A novel method for monitoring air pollution from satellites at very high resolution
- Started
- 27th September 2011
- Research Team
- Robin Wilson
- Investigators
- Joanna Nield, Jason Noble, Edward Milton
This project is developing a new algorithm to measure the clarity of the atmosphere from satellites at over 100,000 times the resolution of present methods. The measure, called Aerosol Optical Thickness (AOT), is related to the levels of air pollution, as well as being a useful measurement in its own right (for example, it is required for satellite image atmospheric correction and is used in climate studies). Current operational methods only provide measurements at 10km resolution, which severely limits the application of the data.
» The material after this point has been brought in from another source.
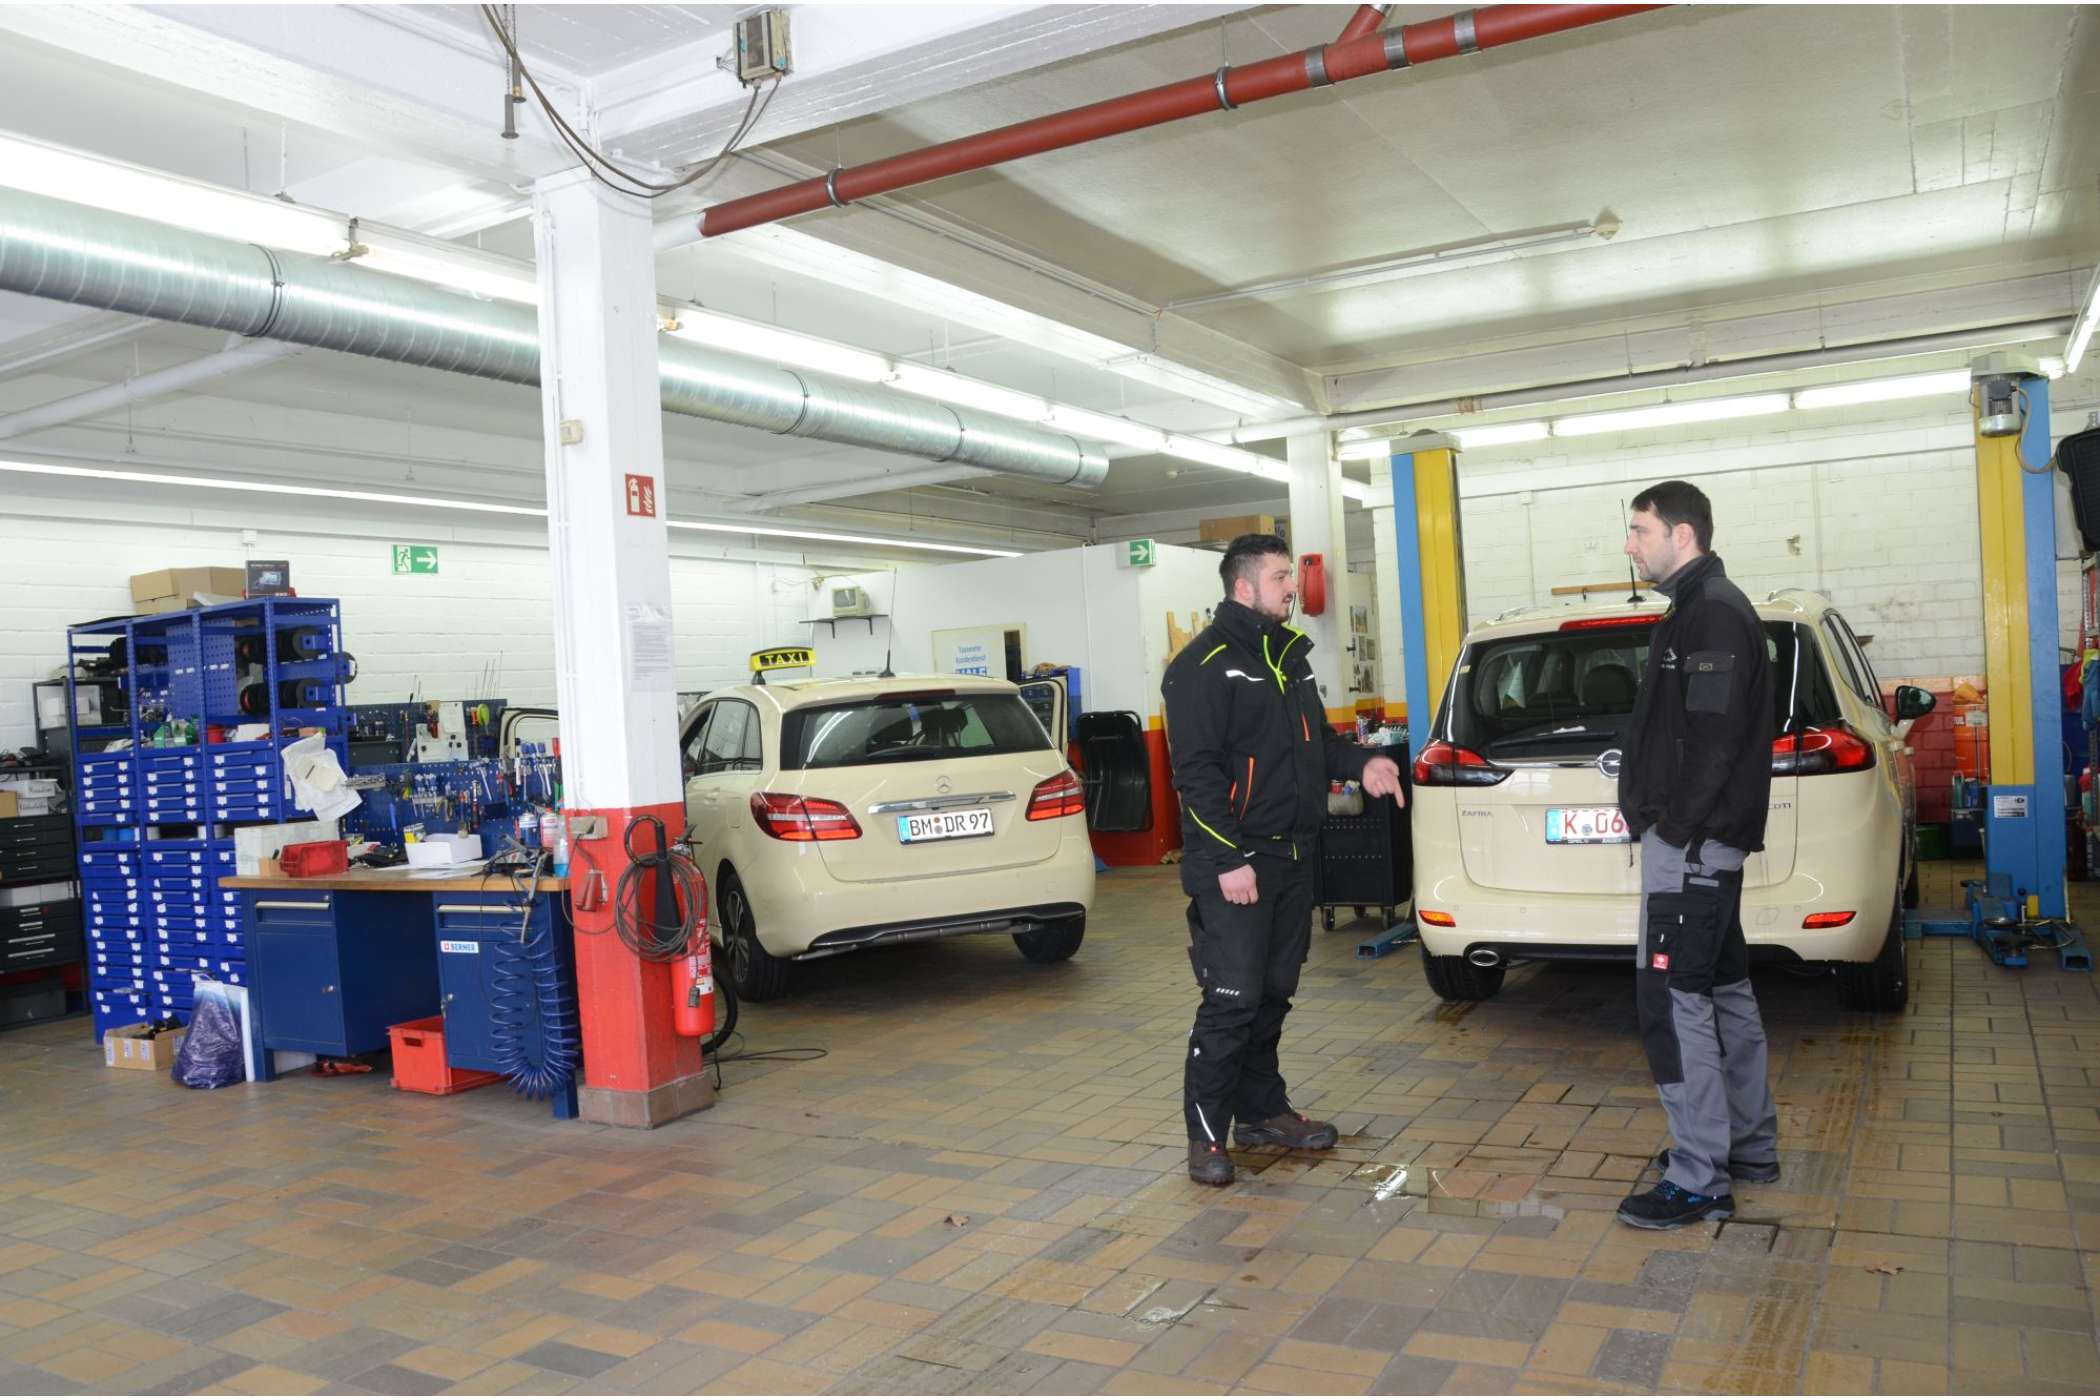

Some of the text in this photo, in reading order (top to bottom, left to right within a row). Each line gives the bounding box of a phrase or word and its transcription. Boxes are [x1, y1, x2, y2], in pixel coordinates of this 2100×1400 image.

For example, in terms of air pollution, current products would only provide about a dozen measurements over London: nowhere near enough to be able to discover which roads contribute most to pollution, or to monitor pollution levels around schools or hospitals. My method is aiming to produce measurements at 30m (possibly even lower in future versions of the method), which be a revolution in the utility of these data.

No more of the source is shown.